Melanin has nothing to do with it. Its the cultural differences, the different outlooks on life, which inherently transcends the concept of class or wealth as per your example.
It’s all bout setting up role-models for the next generation. While you may not care that a minority’s contribution to a bridge is insignificant, but to those who are trying to follow in their footsteps it is a great inspiration.
Oh, so because I’m white and I went to college that means Mommy and Daddy were rich and they paid for it all, plus I was given scholarships hand over foot just because of my skin tone?
I’d really like to know who my rich Mommy and Daddy are, and where these scholarships were, because I’d like to have them start sending the checks to the banks I owe student loans to.
Exactly what ‘they’ are you talking about here, because I know you weren’t lumping all white people into the ‘rich and privileged’ category.
Not at all ** catsix **. I will say that most of the white people that ** I ** interact with are financially privileged but I don’t think everyone is that way.
I apologize if my post came off as generalizing. I guess when we feel as if we are bitten, we tend to bite back. My bad. :o
And no, I wasn’t lumping ** all ** white people as ‘rich and privileged’ though the latter isn’t that quite far off.

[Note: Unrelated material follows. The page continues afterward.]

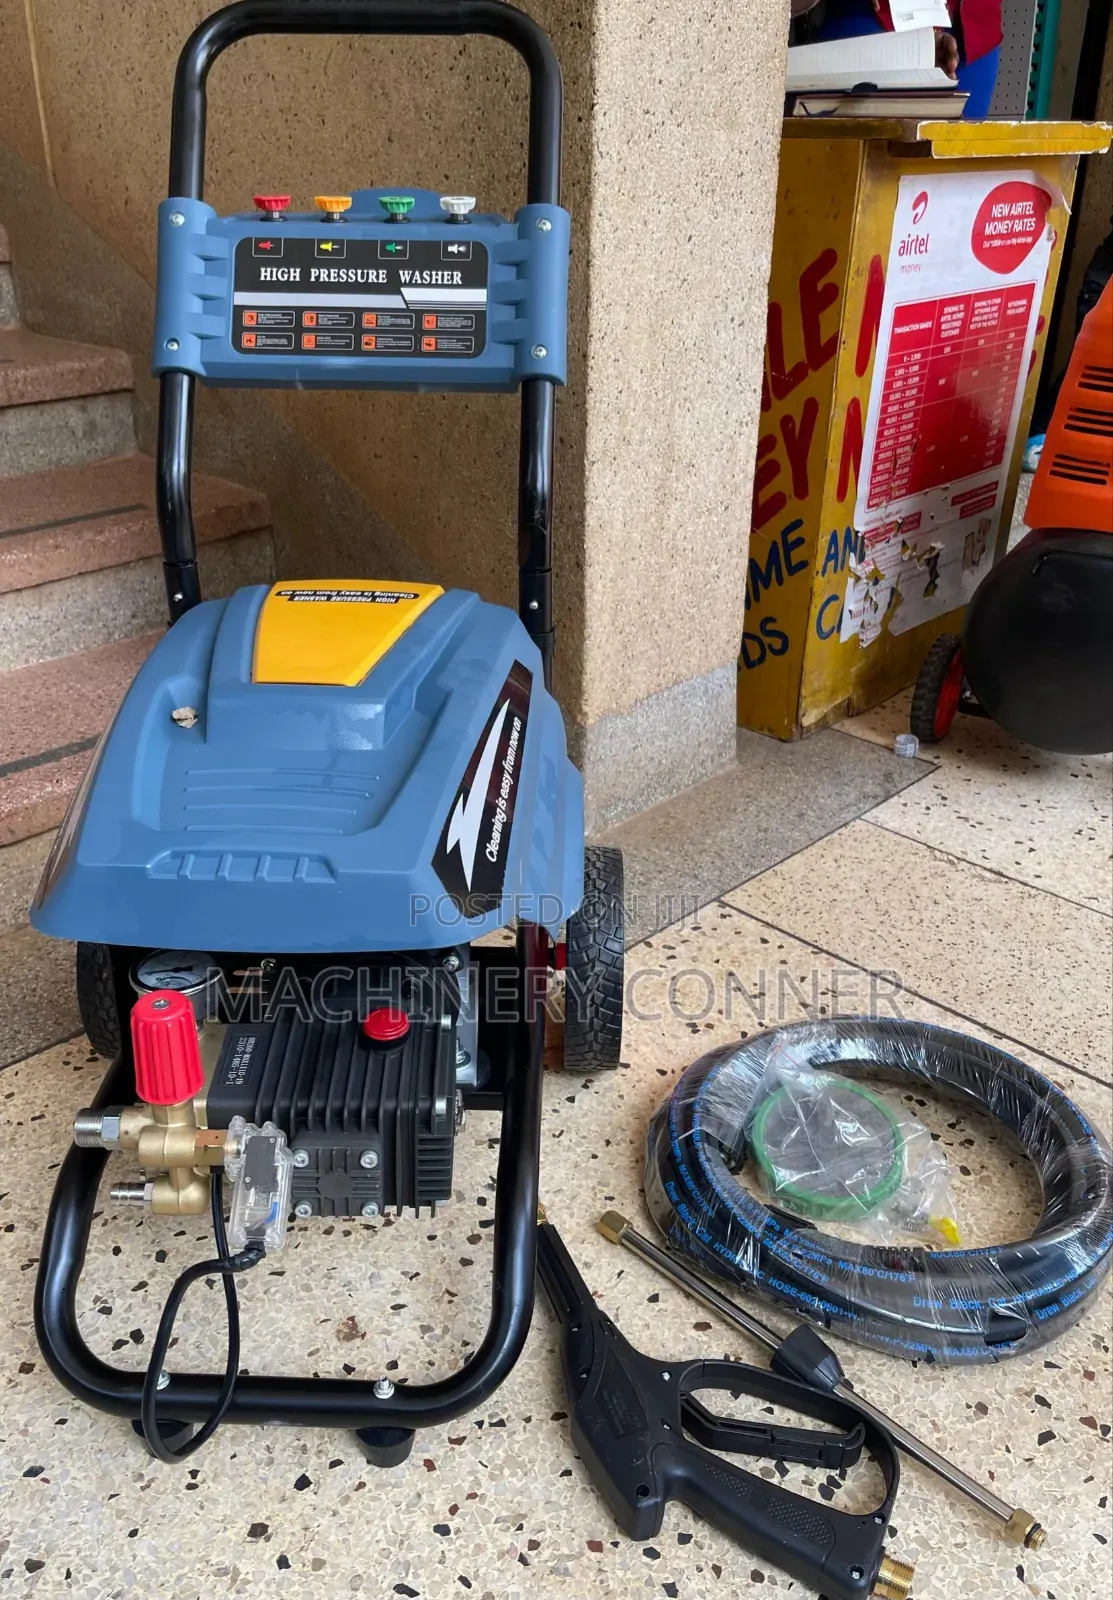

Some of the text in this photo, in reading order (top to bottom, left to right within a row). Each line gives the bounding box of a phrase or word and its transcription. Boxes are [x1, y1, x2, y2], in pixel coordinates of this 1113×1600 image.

quite bluntly, the privilege of not having to endure prejudices 'cause you appear to be of a minority instead of white.
Or, is it your position that racism doesn’t exist?
(this does not mean that it’s impossible for a ‘white’ person to suffer from prejudice, I do suggest that at least in the US, it’s more likely to happen to some one of a minority than white)>
The problem with AA is that it is based on the principle that two wrongs do make a right.
If discriminating against someone because he is a member of one "racial"group is wrong- discriminating against someone else for being a member of another such group is also wrong.